Tuesday, 29 May 2012
Review: Witch Child, Celia Rees
I am a witch. Or so some would call me. 'Spawn of the Devil', 'Witch Child', they hiss in the street, although I know neither father or mother. I know only my grandmother, Eliza Nuttall; Mother Nuttall to her neighbours. She brought me up from a baby. If she knew who my parents are, she has not told me.
'Daughter of the Erl King and the Elfin Queen, that's who you are.'
We live in a small cottage on the very edge of the forest, Grandmother, me and her cat and my rabbit.
Lived. Live there no more.
So begins Mary's journal of her journey from England to America in 1659, which she weaves into a quilt to be discovered many years later.

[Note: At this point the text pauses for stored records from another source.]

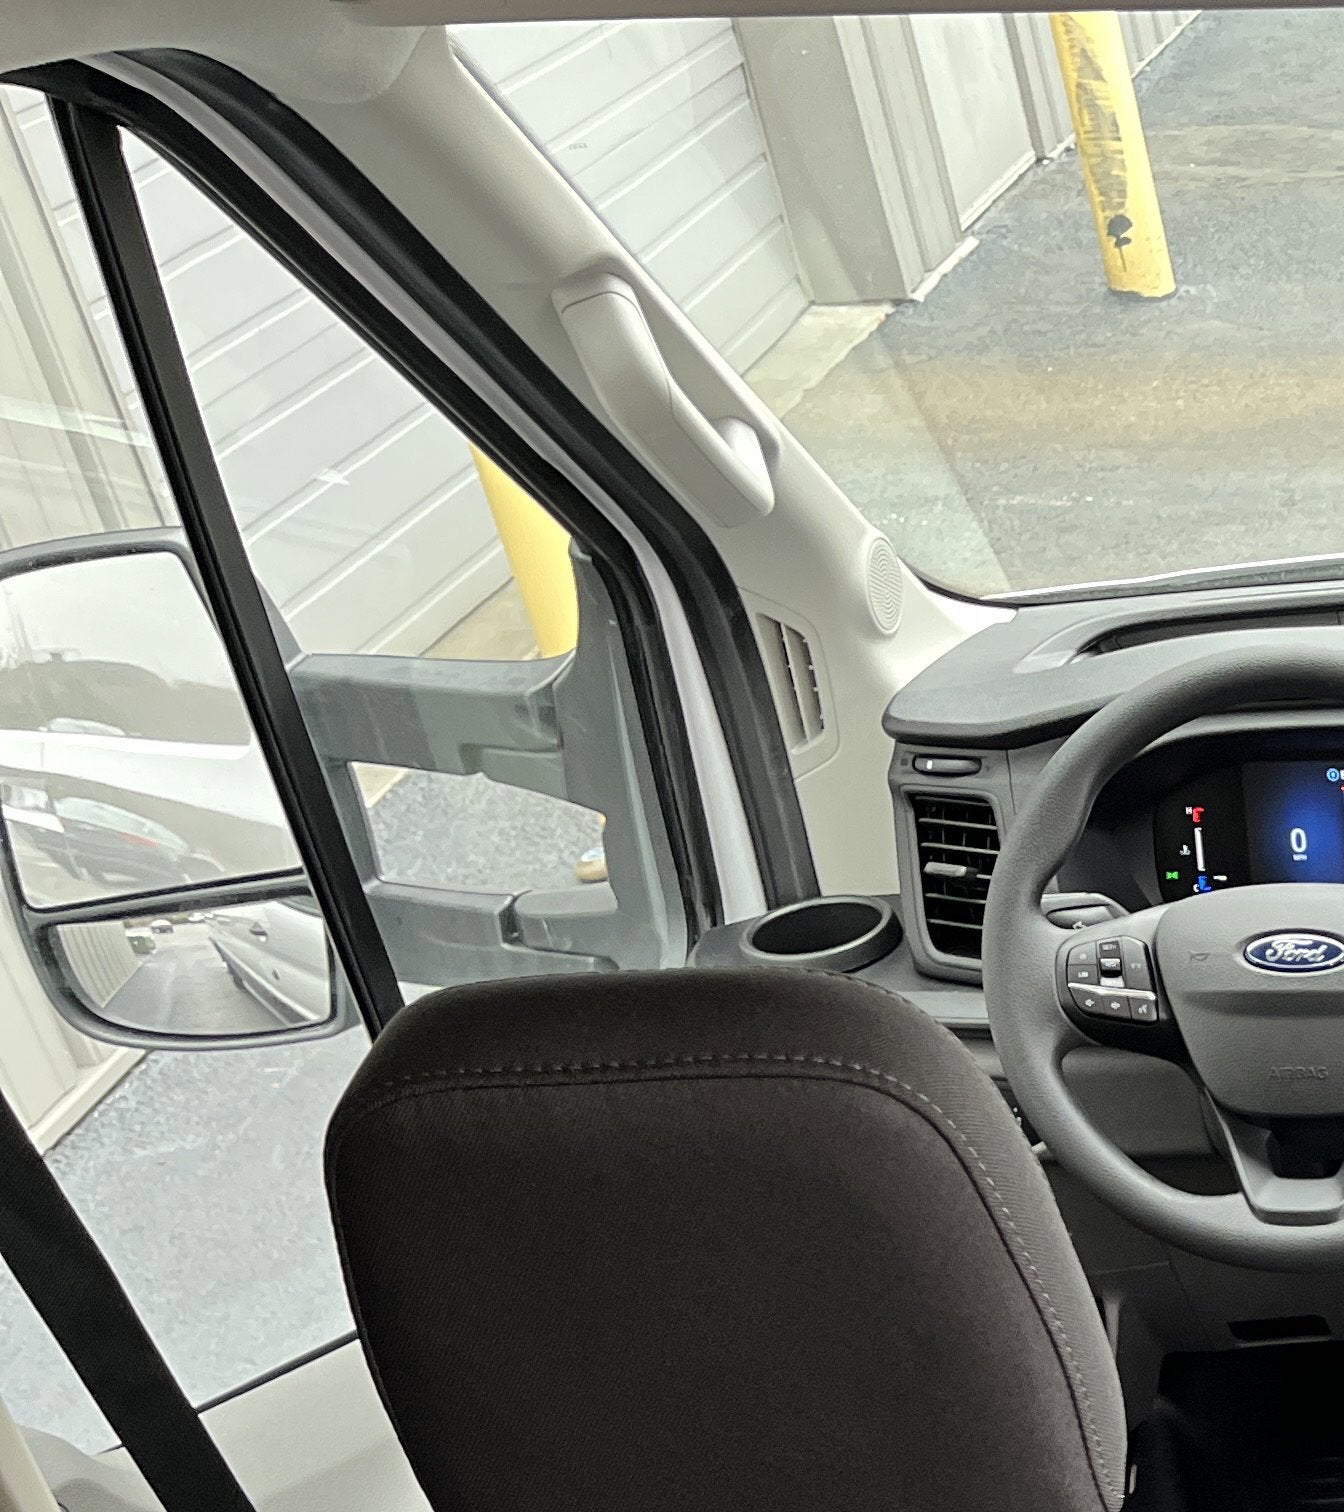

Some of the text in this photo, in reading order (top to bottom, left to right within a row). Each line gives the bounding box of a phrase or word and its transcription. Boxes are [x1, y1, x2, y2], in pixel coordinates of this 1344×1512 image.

[1290, 828, 1307, 853] 0
[1265, 939, 1328, 962] Ford
[1269, 1066, 1329, 1080] AIRBAG
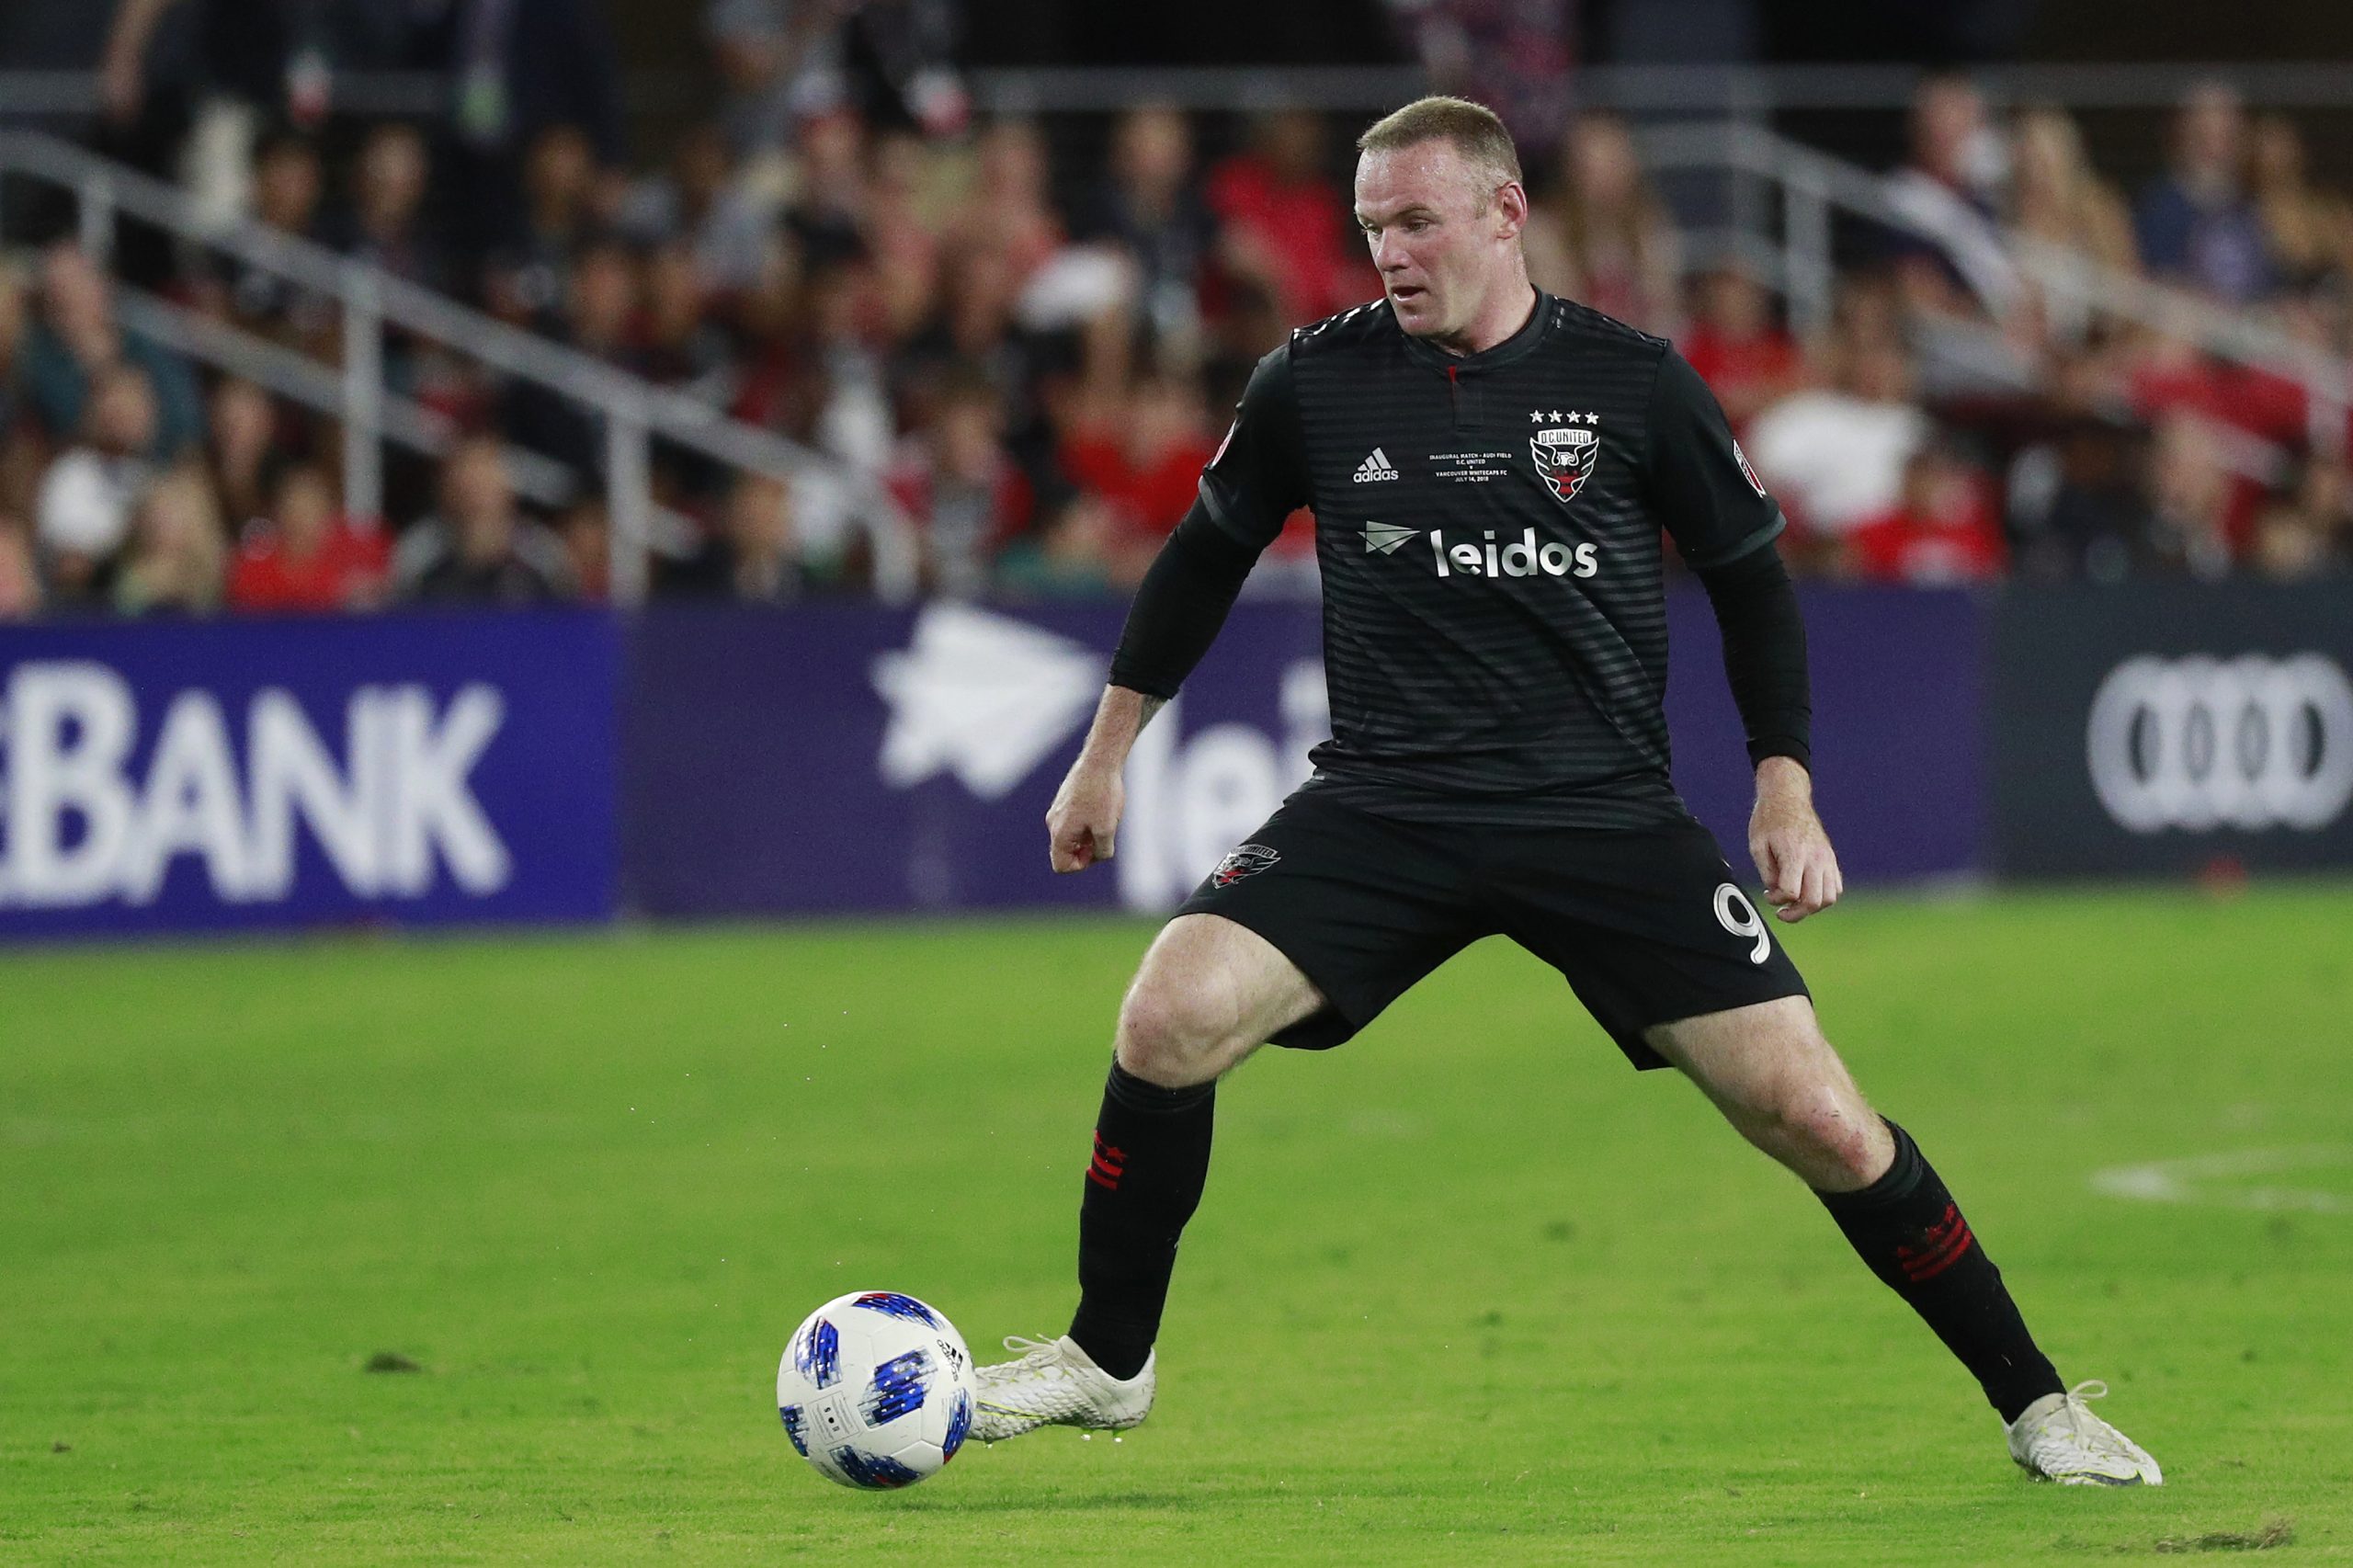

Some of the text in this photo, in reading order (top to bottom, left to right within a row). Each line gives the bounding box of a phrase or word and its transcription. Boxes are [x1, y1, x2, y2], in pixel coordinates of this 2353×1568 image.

[1353, 469, 1399, 483] adidas
[1429, 527, 1598, 578] leidos
[0, 658, 515, 905] BANK
[1713, 882, 1771, 965] 9
[937, 1339, 959, 1381] adidas
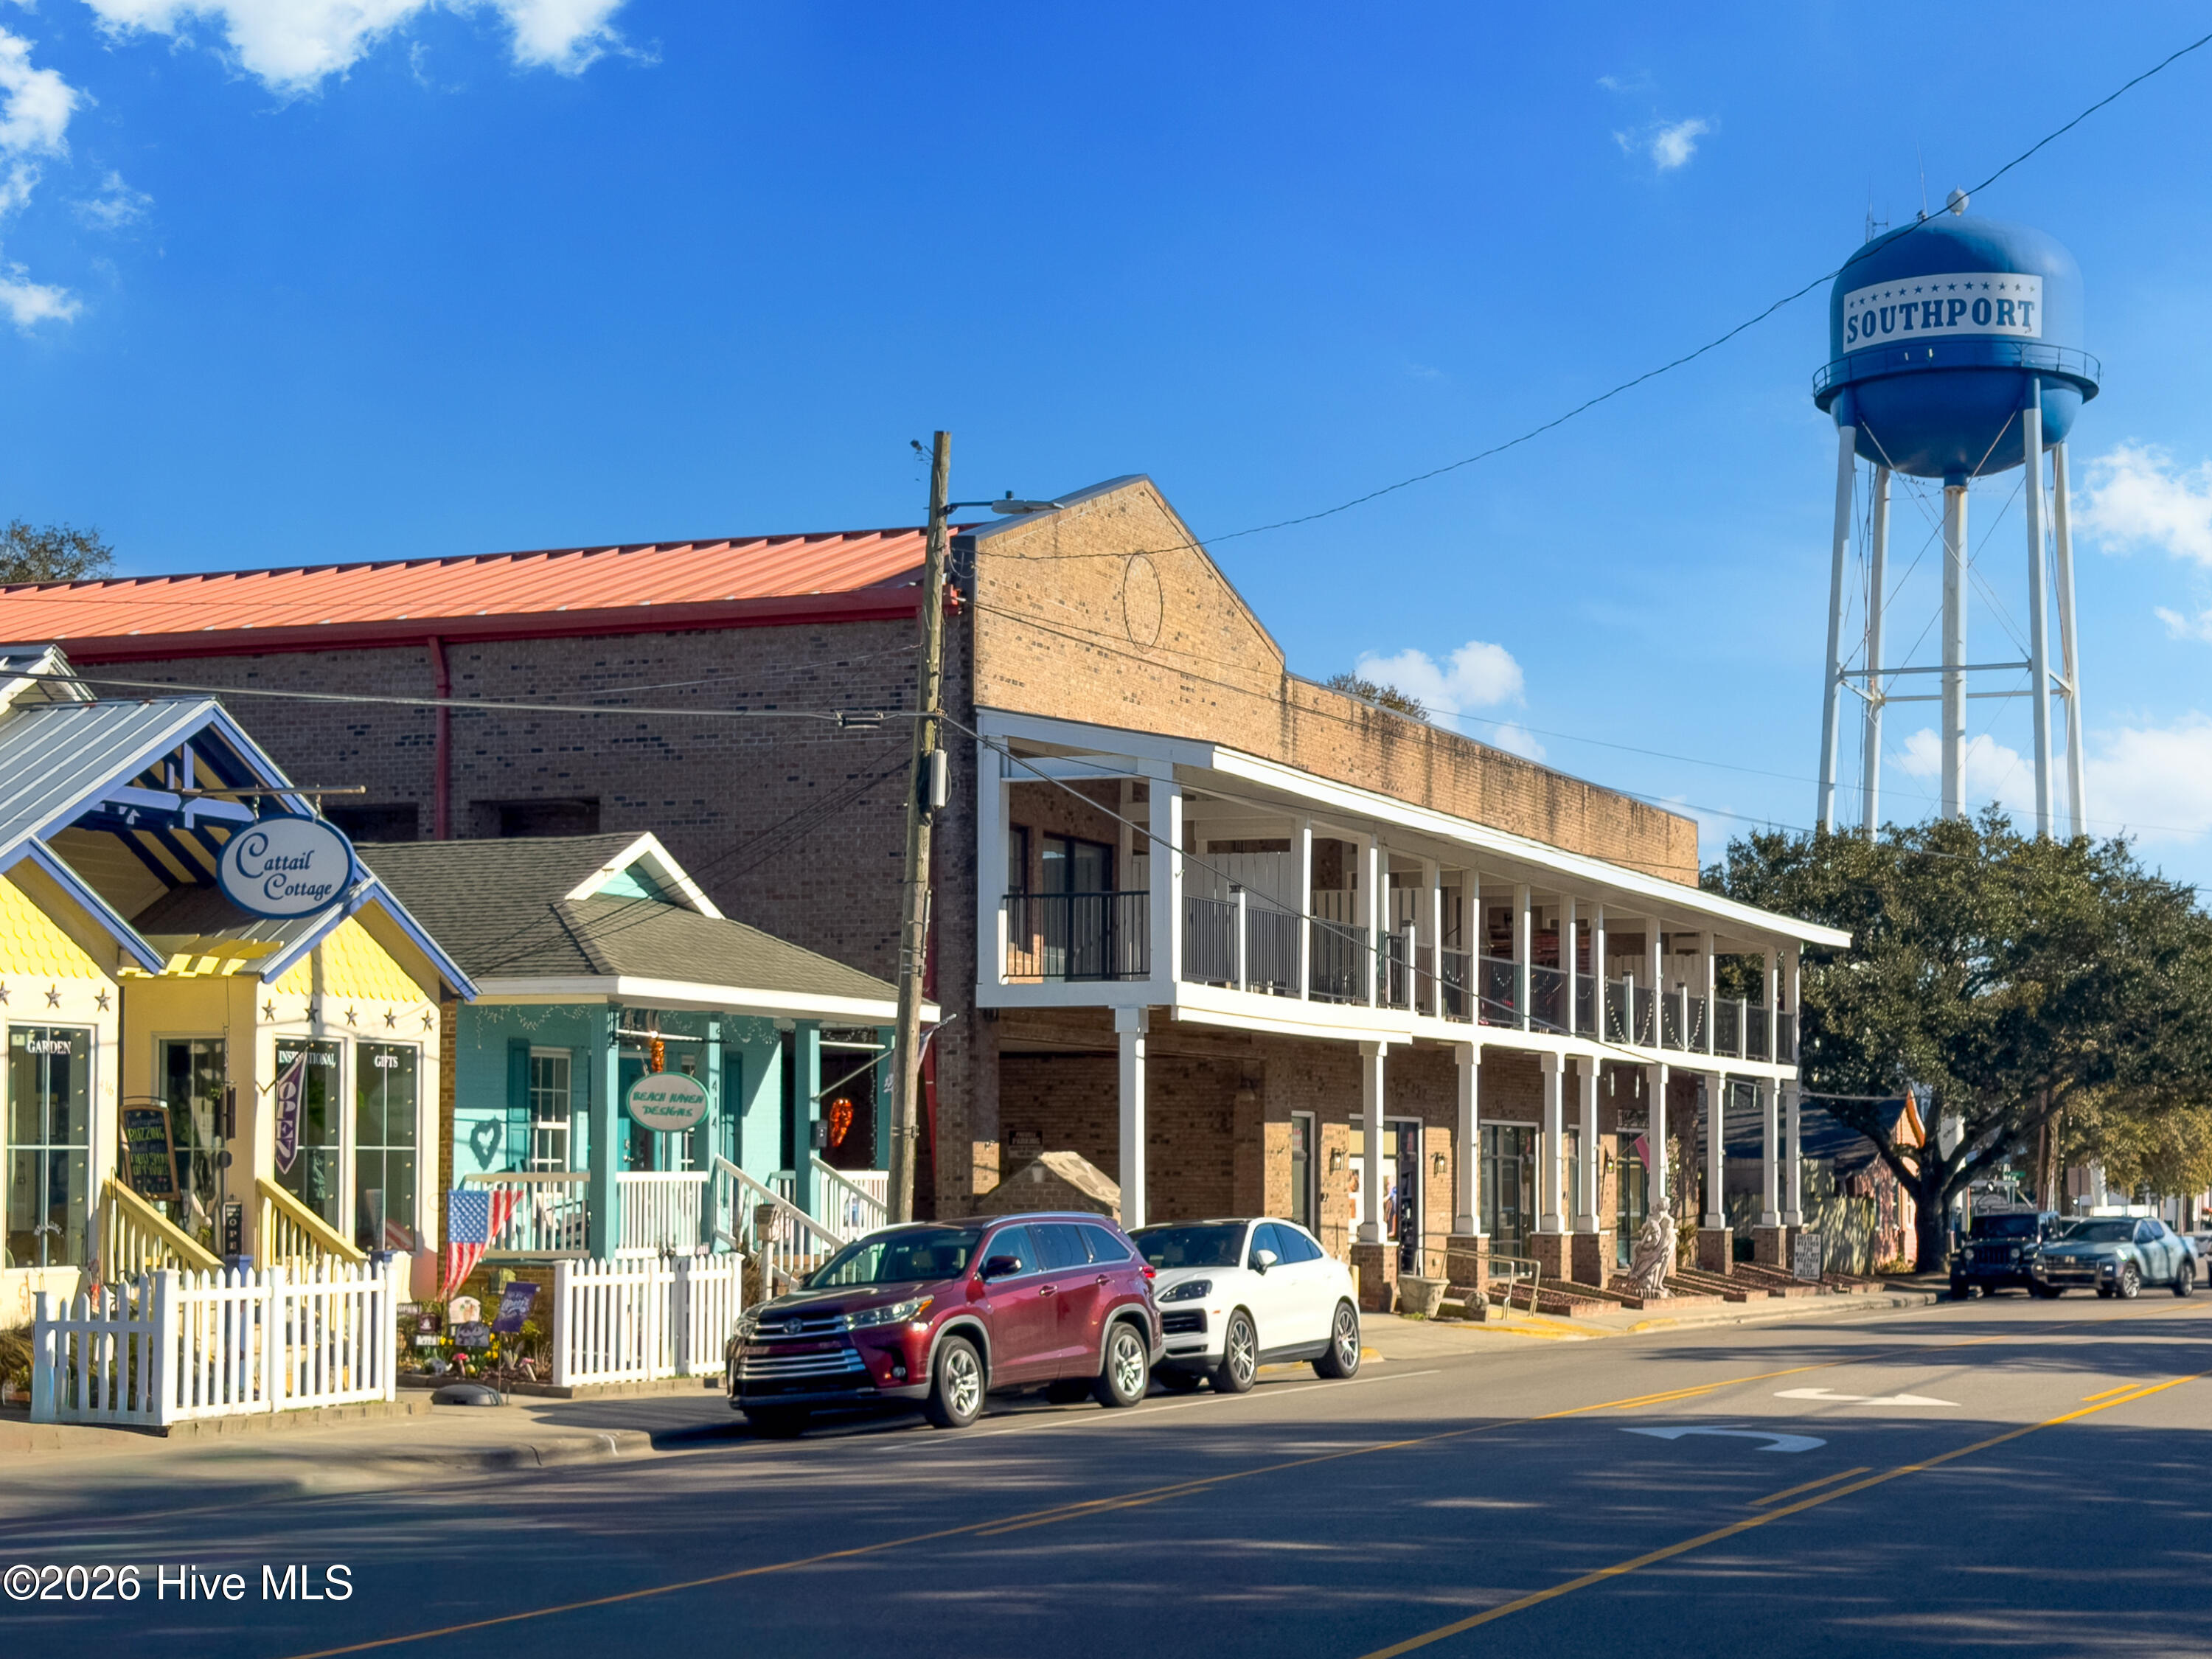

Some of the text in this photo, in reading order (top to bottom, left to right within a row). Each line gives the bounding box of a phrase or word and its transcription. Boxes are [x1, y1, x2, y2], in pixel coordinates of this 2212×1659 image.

[1847, 298, 2035, 344] SOUTHPORT
[236, 832, 315, 879] Cattail
[263, 873, 333, 902] Cottage
[27, 1040, 72, 1054] GARDEN
[278, 1050, 336, 1065] INSPTIONAL
[374, 1055, 399, 1068] GIFTS
[633, 1092, 704, 1104] BEACH HAVEN
[276, 1081, 296, 1159] OPEN
[643, 1105, 692, 1117] DESIGNS
[229, 1218, 237, 1256] OPE

This was a time of fear and superstition, where girls and women who behaved unusually were tried as witches and very often executed. The events of this story are based closely on real historic events, and many of the characters are based on real people. It is very easy to believe that Mary's story really is a discovered 17th Century journal, and her story is likely to have been shared by many women and girls who lived at that time.
After seeing her grandmother hanged as a witch, Mary is whisked away by a mysterious stranger and sent with a group of Puritans to start a new life across the sea in Massachusetts. She will be safe there, or so she hopes. But superstition travels to the New World, and it is not long before there is talk of a witch hiding amongst them. Will Mary really be safe here?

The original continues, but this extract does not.